U.S. Supreme Court
Maryland v. United States, 381 U.S. 41 (1965)
Maryland for Use of Levin v. United States
Argued March 15, 1965
Decided May 3, 1965
381 U.S. 41
Petitioners' decedents were passengers on an airliner which collided with a jet trainer assigned to the Maryland Air National Guard. The only survivor was the jet trainer pilot, whose negligence is not disputed. The pilot held a commission from the Governor of Maryland as an officer in the Maryland Air National Guard, where he served on alternate Saturdays as a fighter pilot and Squadron Maintenance Officer. He was otherwise employed by the Guard as a civilian Aircraft Maintenance Chief under 32 U.S.C. § 709, as a so-called "caretaker" of Guard property. This suit was brought against the United States under the Federal Tort Claims Act. The principal issue below was whether the pilot was in his military or civilian capacity at the time of the accident. The District Court found he was in a civilian status, and awarded judgment for petitioners, but the Court of Appeals reversed.

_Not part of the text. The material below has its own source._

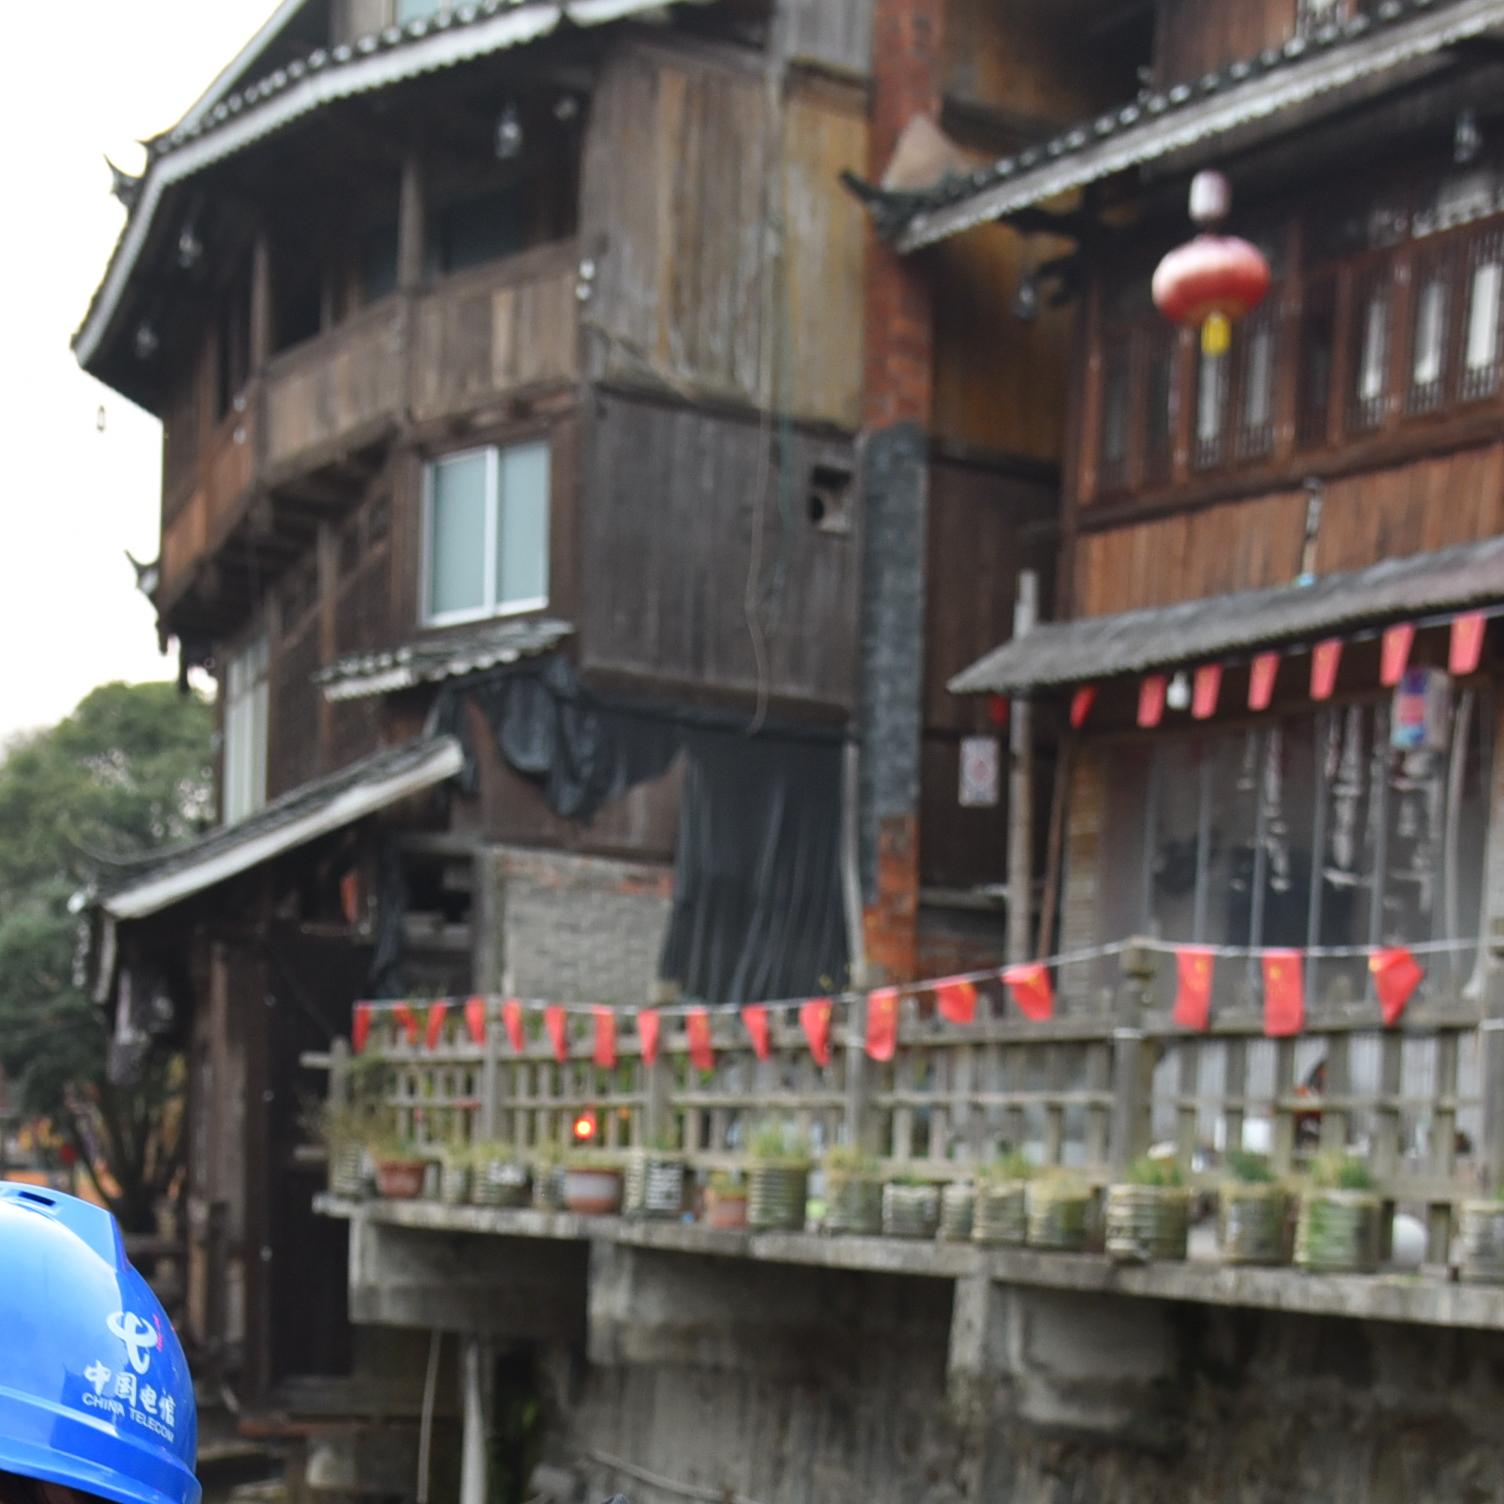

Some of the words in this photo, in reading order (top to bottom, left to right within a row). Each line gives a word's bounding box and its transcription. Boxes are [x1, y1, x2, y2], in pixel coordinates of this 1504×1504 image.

[81, 1392, 126, 1417] CHINA
[128, 1406, 176, 1443] TELECOM
[83, 1359, 176, 1428] 中国电信

Held: In both his civilian and military capacities, the pilot was an employee of the State of Maryland, and thus the United States is not liable under the Federal Tort Claims act for his negligence in either capacity. Pp. 381 U. S. 46-53.
(a) Except when called into federal service, the Guard is in charge of the Governor of the State, and its military members are state employees. Pp. 381 U. S. 47-48.
(b) Civilian caretakers, while meeting federal requirements and receiving payment from the United States, are under the jurisdiction of the State Adjutant General, and are performing a state function. Pp. 381 U. S. 48-49.
(c) United States v. Holly, 192 F.2d 221, which held that civilian caretakers were employees of the United States, was decided on an incorrect construction of the National Defense Act. P. 381 U. S. 50.
(d) Congressional enactments, despite the Holly line of cases, treat both military and civilian employees of the National Guard as state employees. Pp. 381 U. S. 51-52.